Multi-objective optimization of tracking/impedance control for a prosthetic leg with energy regeneration

Daniel J. Simon, Cleveland State University


The focus of this research is to consider control and energy regeneration for a robotic manipulator with both actively and semi-actively controlled joints. The semi-active joints are powered by a regenerative scheme. The problem of designing an impedance controller to track a desired joint trajectory and regenerate energy in the storage element is considered here as a multi-objective optimization problem. Nondominated sorting biogeography-based optimization is used for this purpose.
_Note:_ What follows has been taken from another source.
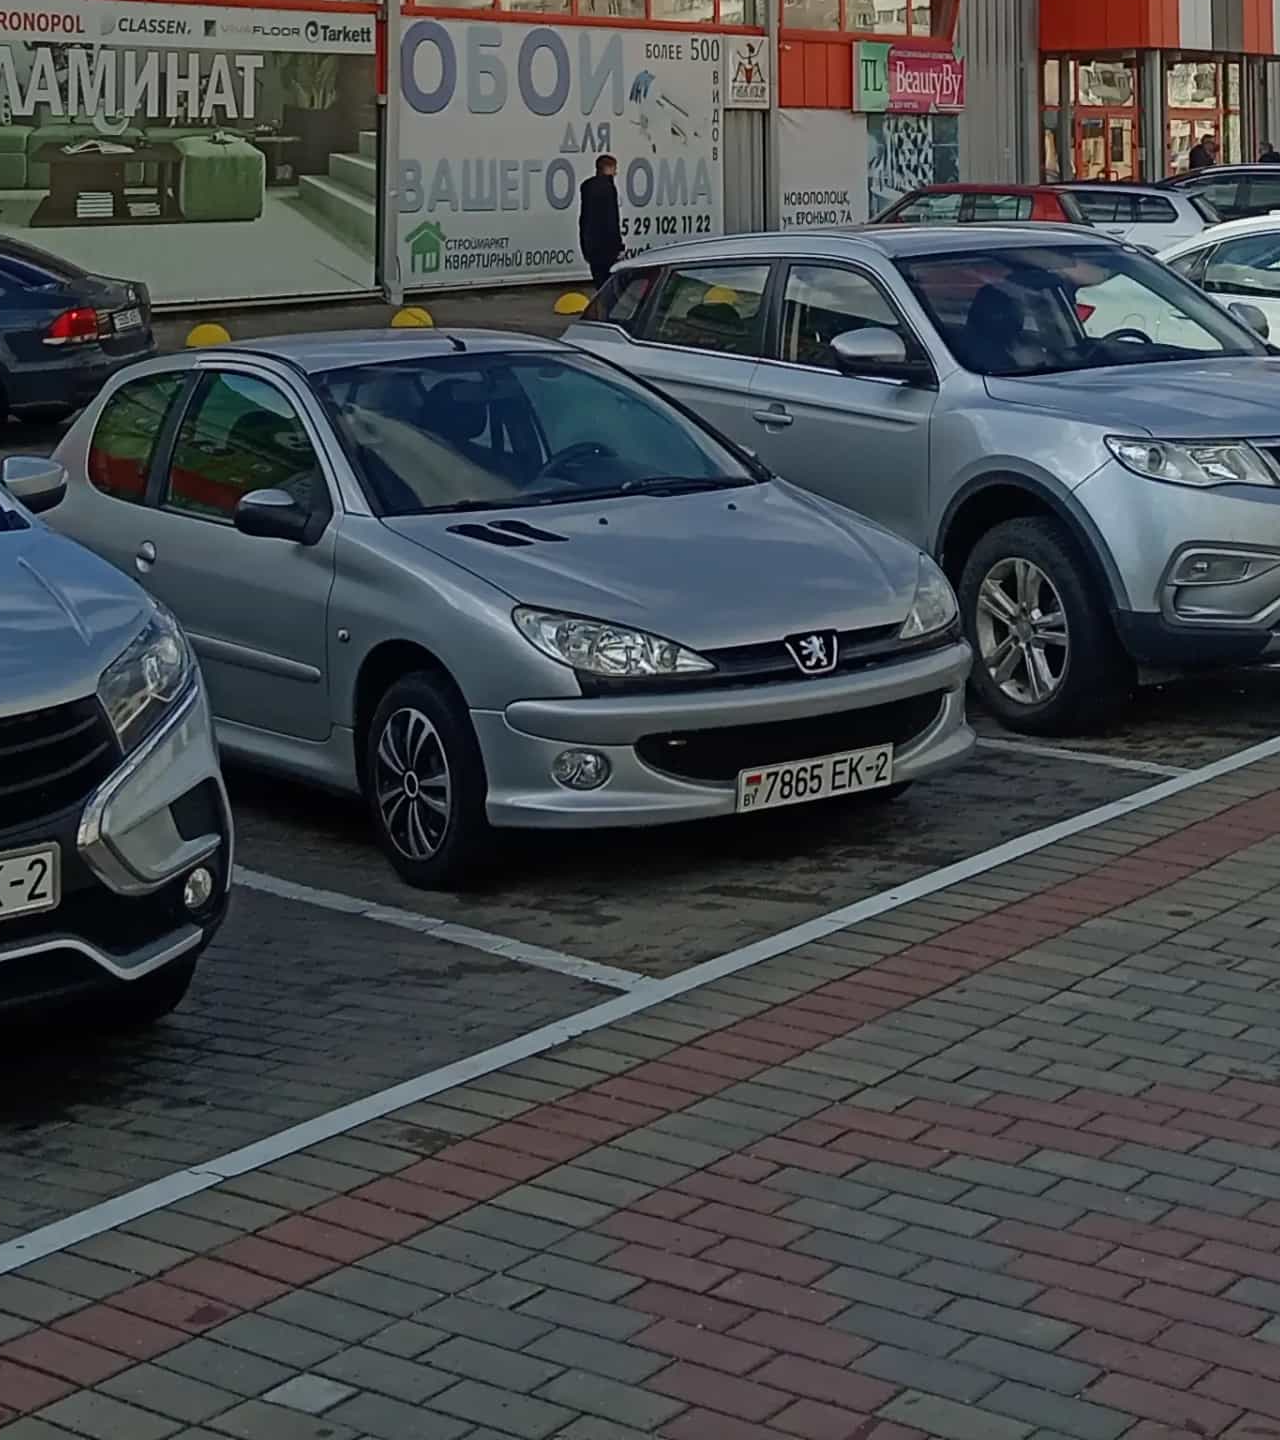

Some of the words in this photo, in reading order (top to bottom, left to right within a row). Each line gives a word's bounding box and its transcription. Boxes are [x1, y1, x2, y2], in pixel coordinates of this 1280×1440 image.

To validate the performance of system, a prosthetic leg which imitates able-bodied gait is considered. A Pareto front is obtained where a pseudo-weight scheme is used to select among solutions. A solution with minimum tracking error (0.0009 rad) fails to regenerate energy (loses 21.56 J), while a solution with poor tracking (0.0288 rad) regenerates energy (gains 167.3 J). A tradeoff results in fair tracking (0.0157 rad) and fair energy regeneration (52.9 J). Results verify that it is possible to regenerate energy at the semi-active joint while still obtaining acceptable tracking. The results indicate that ultracapacitor systems and advanced controls/optimization have the potential to significantly reduce external power requirements in powered prostheses.